HAMAS, FATAH … Q&A

Last Updated: 2:18am BST 14/06/2007

What is Fatah?

Fatah is the secular party led by the president, Mahmoud Abbas. Meaning “conquest” in Arabic, it is a reverse acronym of Harakat al-Tahrir al-Filistiniya (Palestinian Liberation Movement). Founded among Palestinian refugees in the late 1950s and led by Yasser Arafat, its aim was Palestinian liberation through violence. In the early 1990s, Arafat signed the Oslo peace accords, accepting the right of Israel to exist. A flood of foreign aid saw Arafat and his cronies grow wealthy and corrupt.

What is Hamas?

Hamas is the Islamic party led by the prime minister, Ismail Haniyeh. It swears to establish an Islamic state in historical Palestine, which includes Israel. Meaning “zeal”, Hamas is an acronym for Harakat al-Muqawama al-Islamiya (Islamic Resistance Movement). Founded in 1987, it pioneered suicide bombings which made no distinction between civilian and military targets. Its leaders were assassinated by Israel. Its popularity, both for its resistance and charitable work, grew among Palestinians, particularly following Arafat’s death in November 2004.

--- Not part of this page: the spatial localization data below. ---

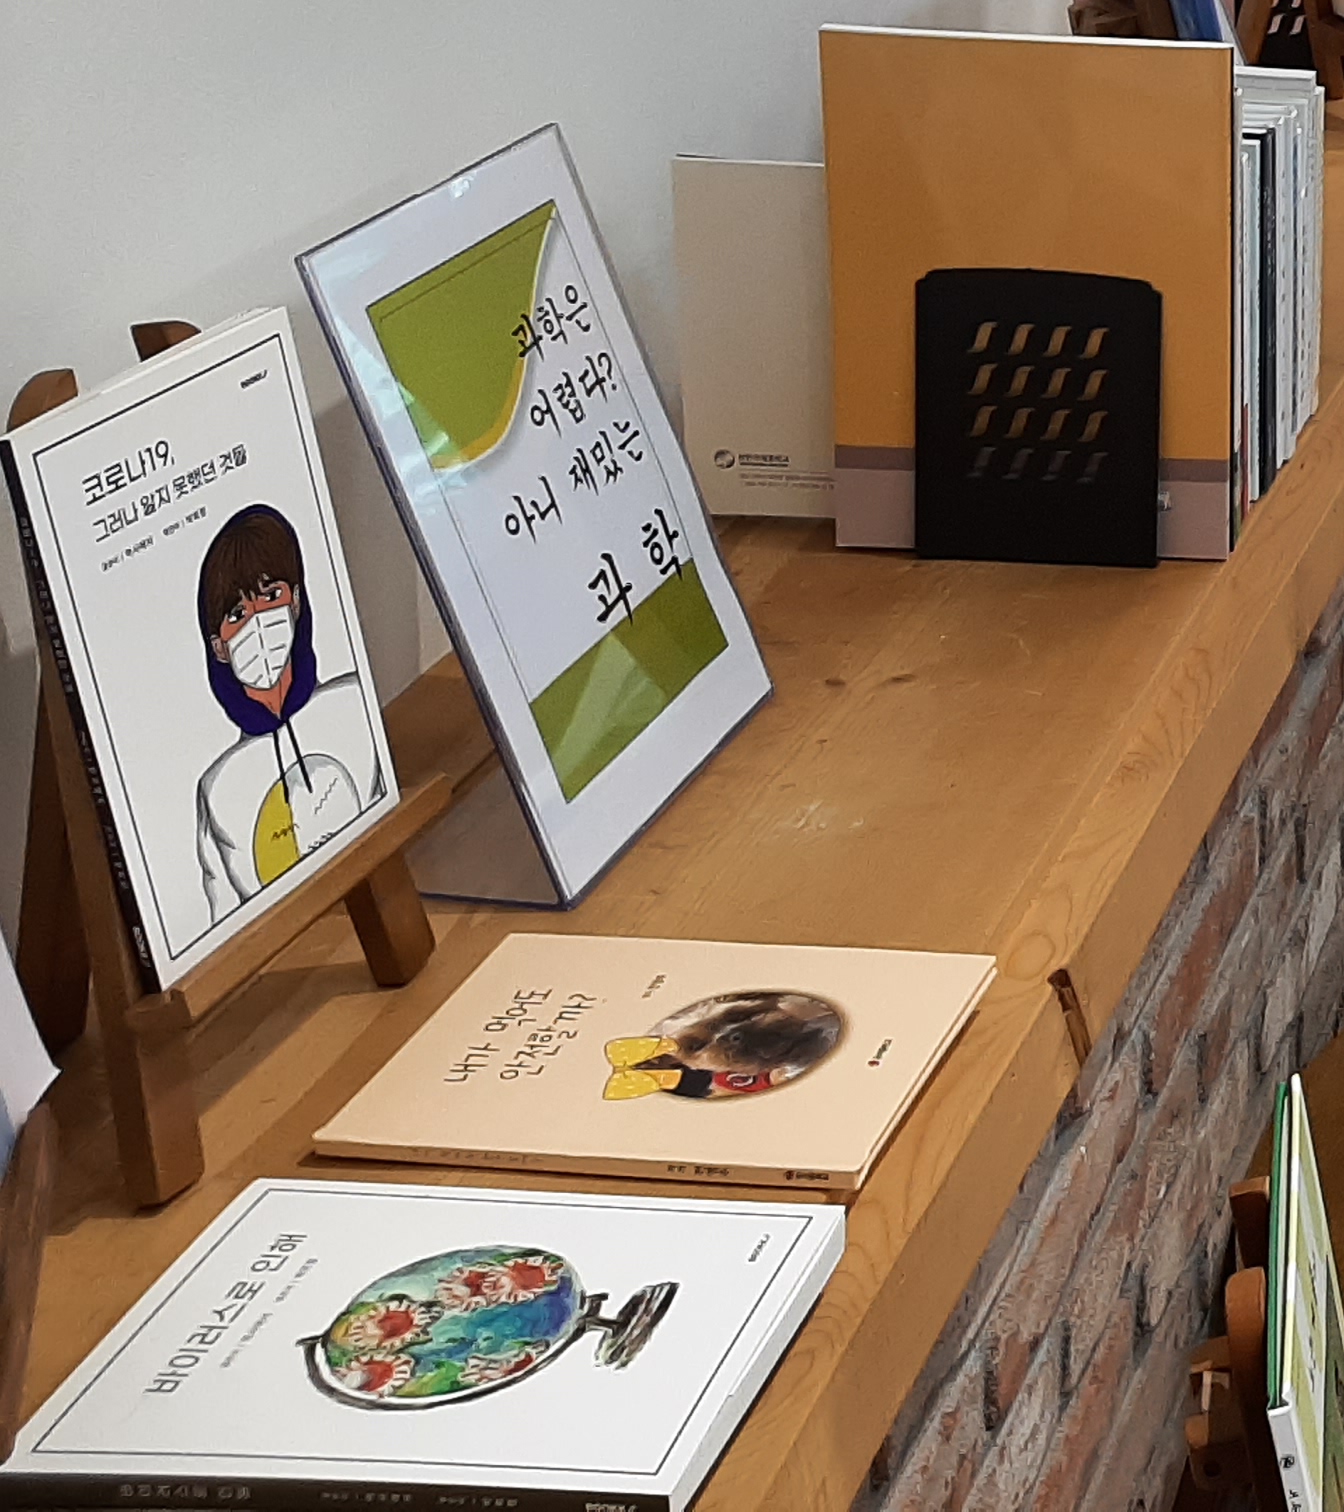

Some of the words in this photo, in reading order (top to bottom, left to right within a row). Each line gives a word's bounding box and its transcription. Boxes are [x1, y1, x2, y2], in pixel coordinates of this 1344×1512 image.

[511, 284, 592, 361] 과학은
[529, 352, 618, 437] 어렵다?
[82, 440, 175, 506] 코로나19,
[504, 476, 563, 544] 아니
[568, 418, 644, 497] 재밌는
[92, 501, 139, 543] 그러나
[444, 1041, 502, 1085] 내가
[483, 986, 553, 1037] 먹어도
[499, 993, 598, 1081] 안전할까?
[143, 1276, 267, 1396] 바이러스로
[249, 1232, 308, 1290] 인해
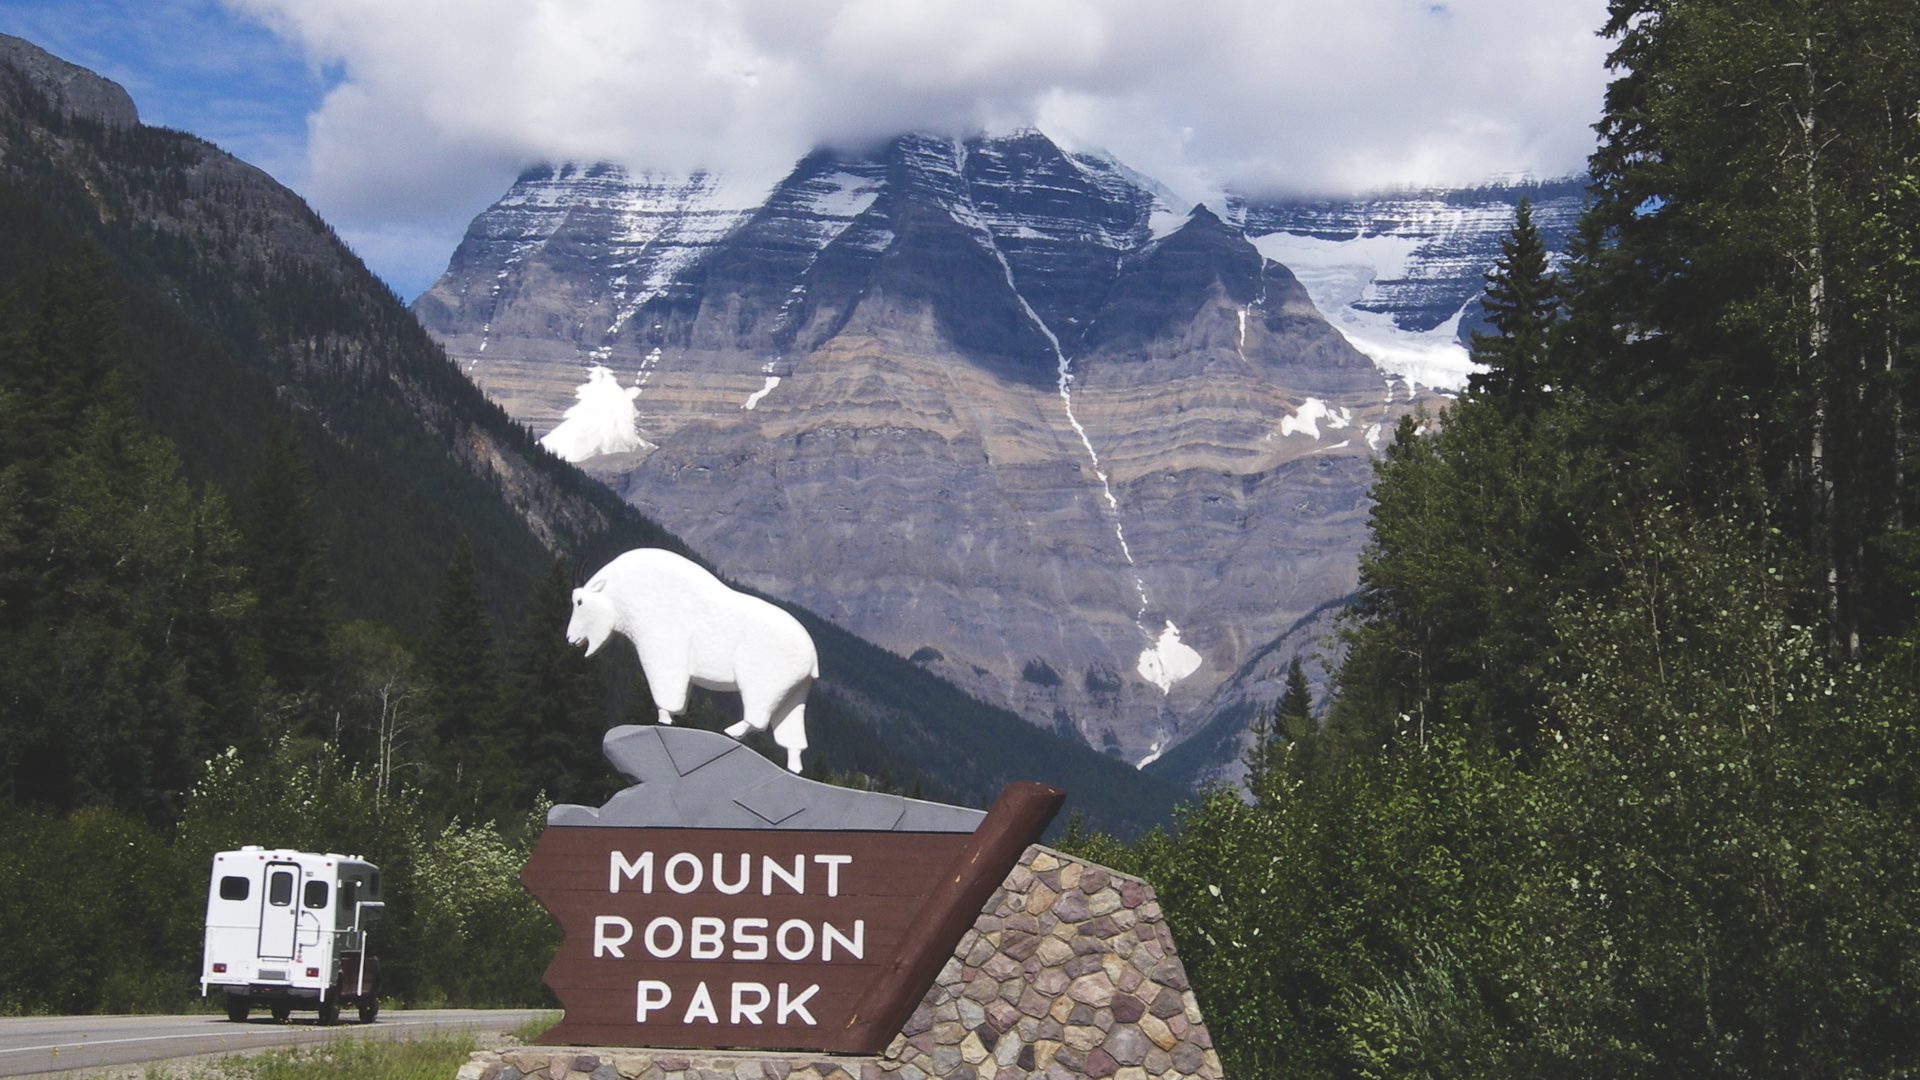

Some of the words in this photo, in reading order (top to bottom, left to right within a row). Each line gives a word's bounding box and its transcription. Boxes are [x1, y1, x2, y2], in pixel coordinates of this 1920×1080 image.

[609, 850, 853, 897] MOUNT
[593, 915, 864, 962] ROBSON
[636, 980, 820, 1026] PARK

How did Hamas rise to power?

In January 2006, Hamas won a majority in Palestinian parliamentary elections. Resultant international sanctions led to the loss of hundreds of millions of dollars in aid critical for meeting the authority’s payroll, including thousands of security service personnel. Despite aid agency efforts, the growing poverty fed Palestinian unrest. Meanwhile, security services loyal to Mr Abbas refused to answer to the new Hamas interior ministry, leading to the creation of a Hamas-loyal executive force. In Gaza, these conflicting security services overlap with powerful family militias to create a volatile cocktail.

What went wrong?

As tensions between rival security forces spilled over, Fatah and Hamas met in Mecca in February to sign a power-sharing deal. The important foreign and finance ministries went to independent politicians while Hamas controlled the social affairs ministries. However, the two groups could not choose an interior minister and their eventual candidate, Hani Qawasmeh, resigned after weeks. Factional fighting broke out again.

What will happen next?

With Hamas trying to take control of the Gaza Strip, Mr Abbas now faces impossible choices: declaring a state of emergency and attempting to rule by decree, dissolving the government for early elections, or negotiating a truce. Observers speculate a permanent division between Gaza and the West Bank, with Hamas and Fatah governments respectively. That would likely drive already conservative Gaza deeper into Islamic zeal and farther from international support. A separation would all but end hopes for a viable Palestinian state.